Hepatocellular carcinoma (HCC) is one of the highly heterogeneous cancers that lacks an effective risk model for prognosis prediction. Therefore, we searched for angiogenesis-related immune genes that affected the prognosis of HCC to construct a risk model and studied the role of this model in HCC. In this study, we collected the transcriptome data of HCC from The Genome Atlas (TCGA) and the International Genome Consortium (ICGC) database. Pearson correlation analysis was performed to identify the association between immune genes and angiogenesis-related genes. Consensus clustering was applied to divide patients into clusters A and B. Subsequently, we studied the differentially expressed angiogenesis-related immune genes (DEari-genes) that affected the prognosis of HCC. The most significant features were identified by least absolute shrinkage and selection operator (LASSO) regression, and a risk model was constructed.
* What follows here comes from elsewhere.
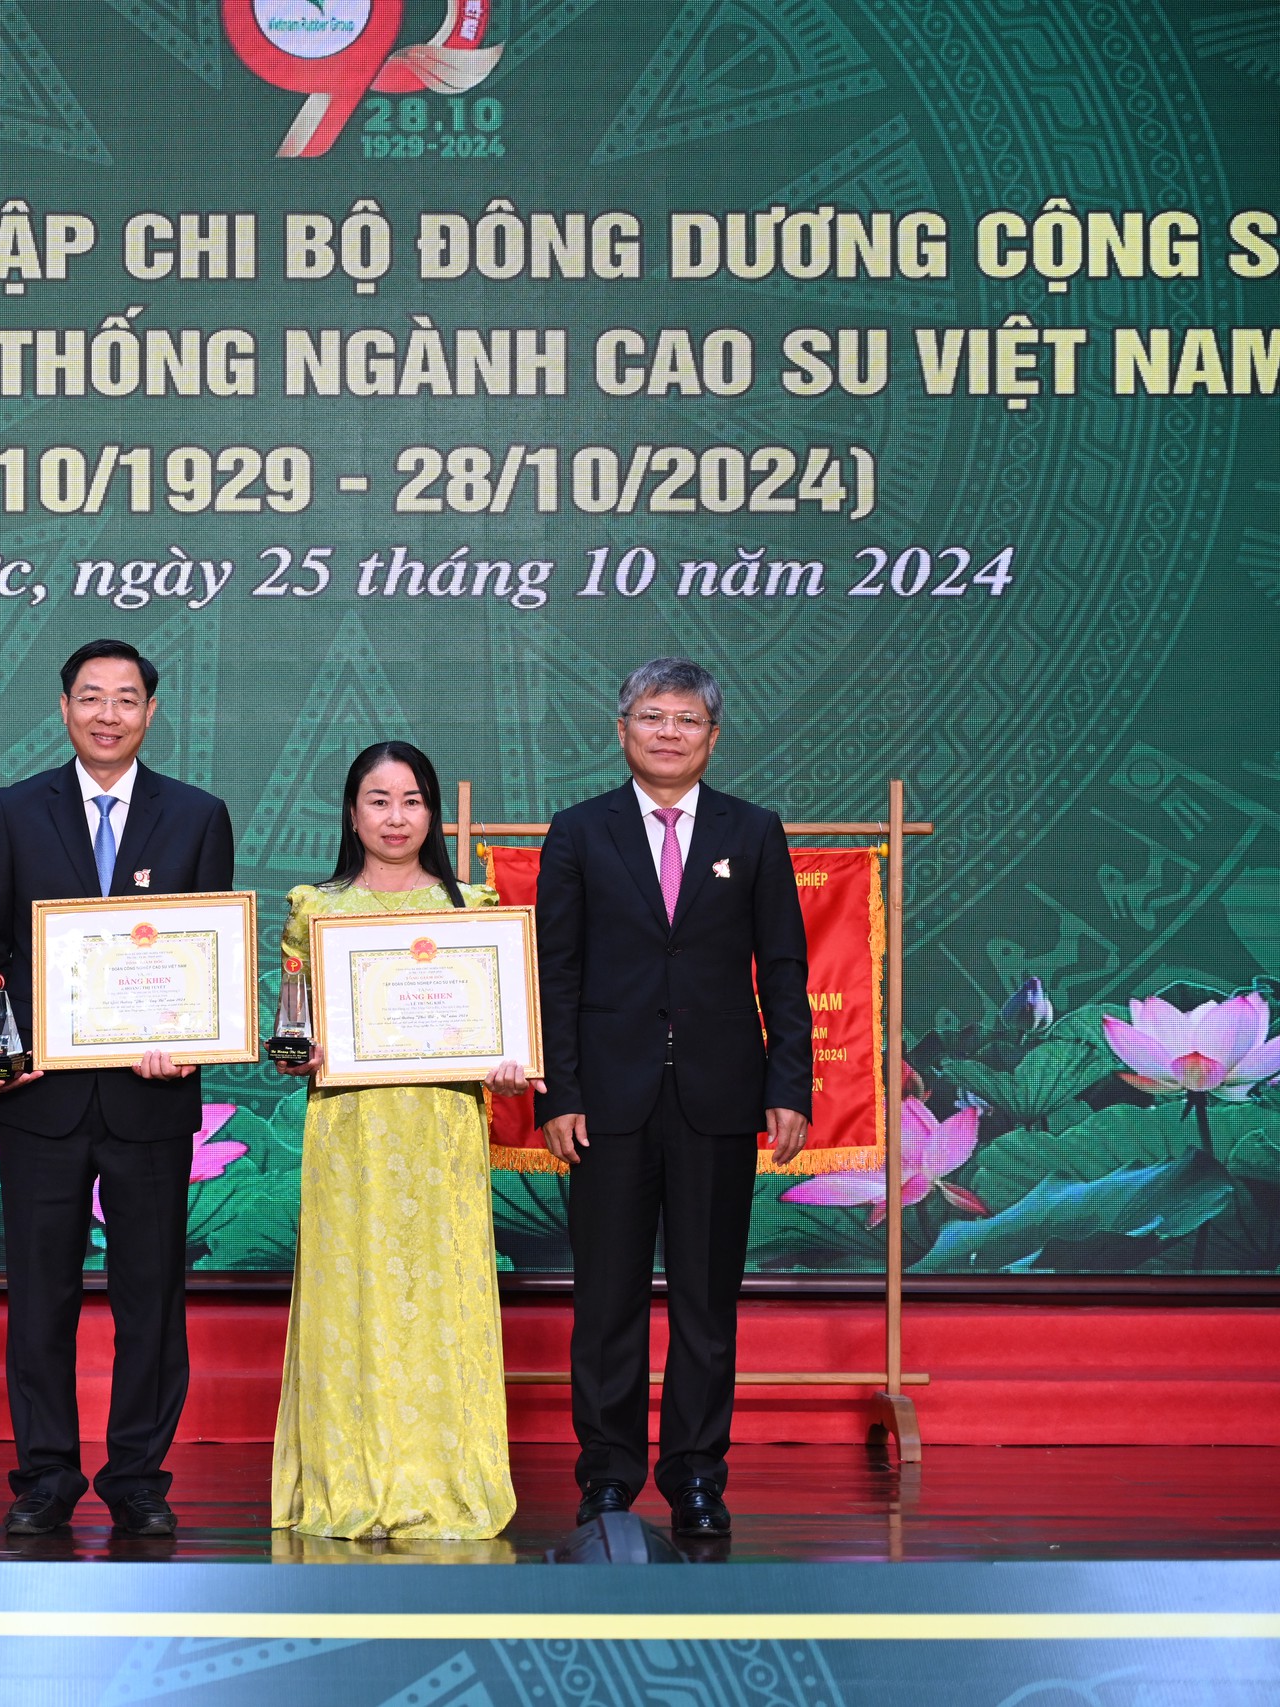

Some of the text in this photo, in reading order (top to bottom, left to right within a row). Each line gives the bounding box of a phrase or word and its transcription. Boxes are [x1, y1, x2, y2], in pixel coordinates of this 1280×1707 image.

The reliability of the risk model was evaluated in the TCGA discovery cohort and the ICGC validation cohort. In addition, we compared the novel risk model to the previous models based on ROC analysis. ssGSEA analysis was used for function evaluation, and pRRophetic was utilized to predict the sensitivity of administering chemotherapeutic agents. Cluster A patients had favorable survival rates. A total of 23 DEari-genes were correlated with the prognosis of HCC. A five-gene (including BIRC5, KITLG, PGF, SPP1, and SHC1) signature-based risk model was constructed. After regrouping the HCC patients by the median score, we could effectively discriminate between them based on the adverse survival outcome, the unique tumor immune microenvironment, and low chemosensitivity. The five-gene signature-based risk score established by ari-genes showed a promising clinical prediction value.

摘要

肝细胞癌(HCC)是高度异质性的癌症之一,缺乏有效的预后预测风险模型。因此,我们寻找影响HCC预后的血管生成相关免疫基因以构建风险模型,并研究该模型在HCC中的作用。在本研究中,我们从癌症基因组图谱(TCGA)和国际癌症基因组联盟(ICGC)数据库收集了HCC的转录组数据。进行Pearson相关性分析以确定免疫基因与血管生成相关基因之间的关联。应用一致性聚类将患者分为A组和B组。随后,我们研究了影响HCC预后的差异表达血管生成相关免疫基因(DEari基因)。通过最小绝对收缩和选择算子(LASSO)回归确定最显著特征,并构建风险模型。在TCGA发现队列和ICGC验证队列中评估风险模型的可靠性。此外,我们基于ROC分析将新的风险模型与先前的模型进行比较。使用单样本基因集富集分析(ssGSEA)进行功能评估,并利用pRRophetic预测化疗药物给药的敏感性。A组患者生存率良好。共有23个DEari基因与HCC的预后相关。构建了基于五个基因(包括BIRC5、KITLG、PGF、SPP1和SHC1)特征的风险模型。根据中位数评分对HCC患者重新分组后,我们可以根据不良生存结局、独特的肿瘤免疫微环境和低化疗敏感性有效地对他们进行区分。由ari基因建立的基于五个基因特征的风险评分显示出有前景的临床预测价值。